◆ **Task directions**
The expected response is the full listing, retyped exactly, without its images.

◆ **Source material**
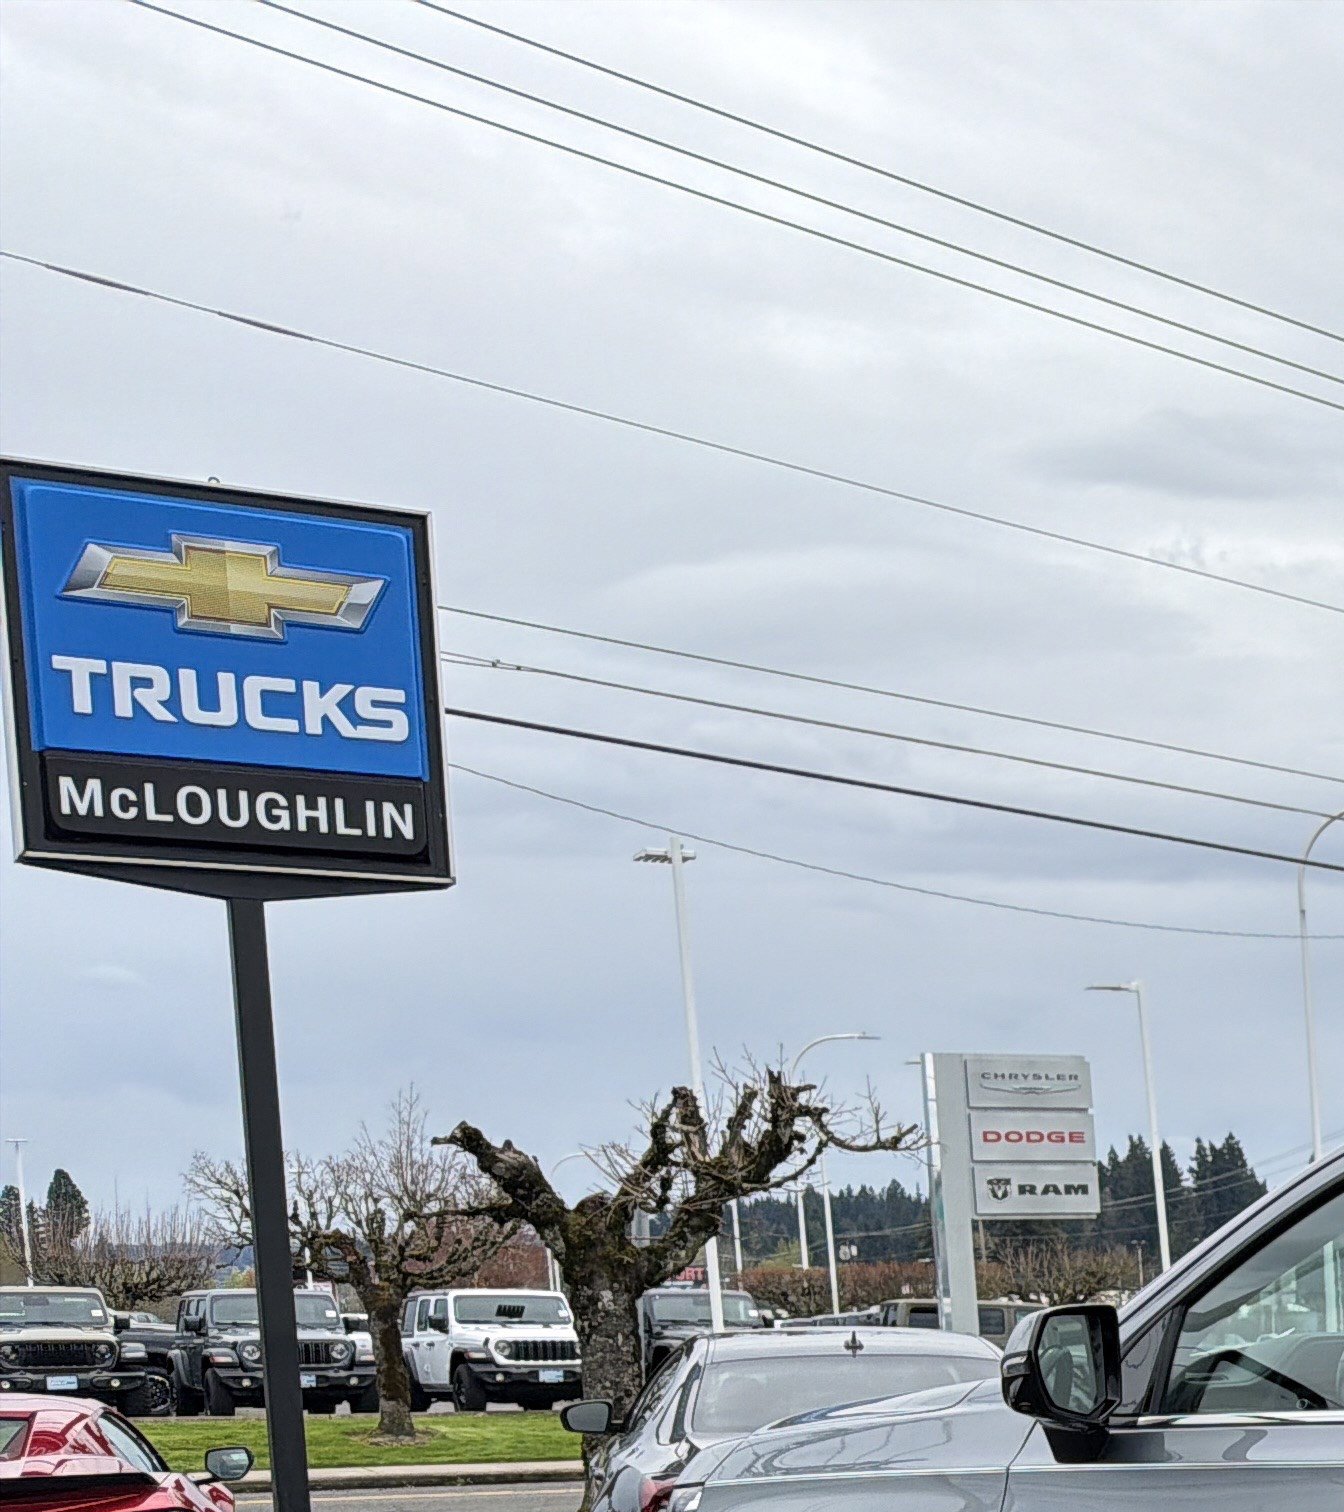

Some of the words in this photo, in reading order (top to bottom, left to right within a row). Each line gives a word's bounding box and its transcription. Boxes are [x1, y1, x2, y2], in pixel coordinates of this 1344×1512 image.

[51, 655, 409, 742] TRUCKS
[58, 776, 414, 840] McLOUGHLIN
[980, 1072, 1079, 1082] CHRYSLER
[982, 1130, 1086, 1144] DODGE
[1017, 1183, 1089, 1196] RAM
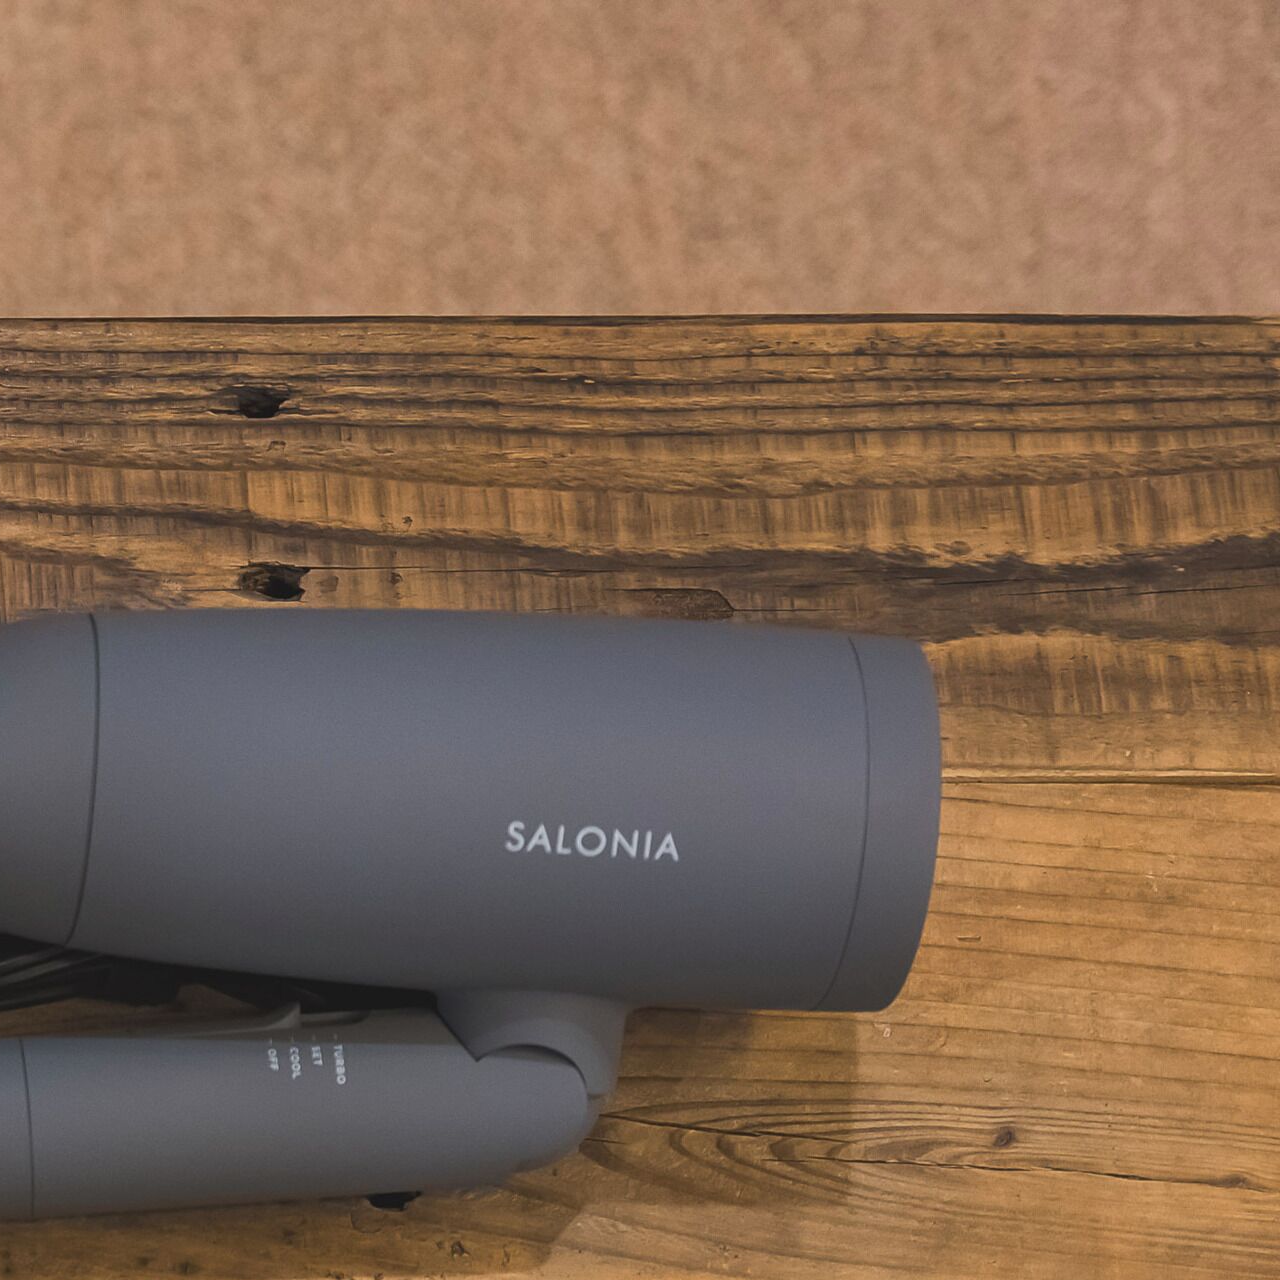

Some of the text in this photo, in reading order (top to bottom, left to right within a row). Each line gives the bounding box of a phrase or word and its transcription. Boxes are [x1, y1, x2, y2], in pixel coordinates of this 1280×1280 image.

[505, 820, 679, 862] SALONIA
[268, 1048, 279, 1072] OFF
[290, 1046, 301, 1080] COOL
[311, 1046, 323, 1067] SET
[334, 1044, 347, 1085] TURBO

◆ **Output**
Some of the words in this photo, in reading order (top to bottom, left to right within a row). Each line gives a word's bounding box and its transcription. Boxes are [x1, y1, x2, y2], in pixel coordinates of this 1344×1512 image.

[51, 655, 409, 742] TRUCKS
[58, 776, 414, 840] McLOUGHLIN
[980, 1072, 1079, 1082] CHRYSLER
[982, 1130, 1086, 1144] DODGE
[1017, 1183, 1089, 1196] RAM

Some of the text in this photo, in reading order (top to bottom, left to right within a row). Each line gives the bounding box of a phrase or word and its transcription. Boxes are [x1, y1, x2, y2], in pixel coordinates of this 1280×1280 image.

[505, 820, 679, 862] SALONIA
[268, 1048, 279, 1072] OFF
[290, 1046, 301, 1080] COOL
[311, 1046, 323, 1067] SET
[334, 1044, 347, 1085] TURBO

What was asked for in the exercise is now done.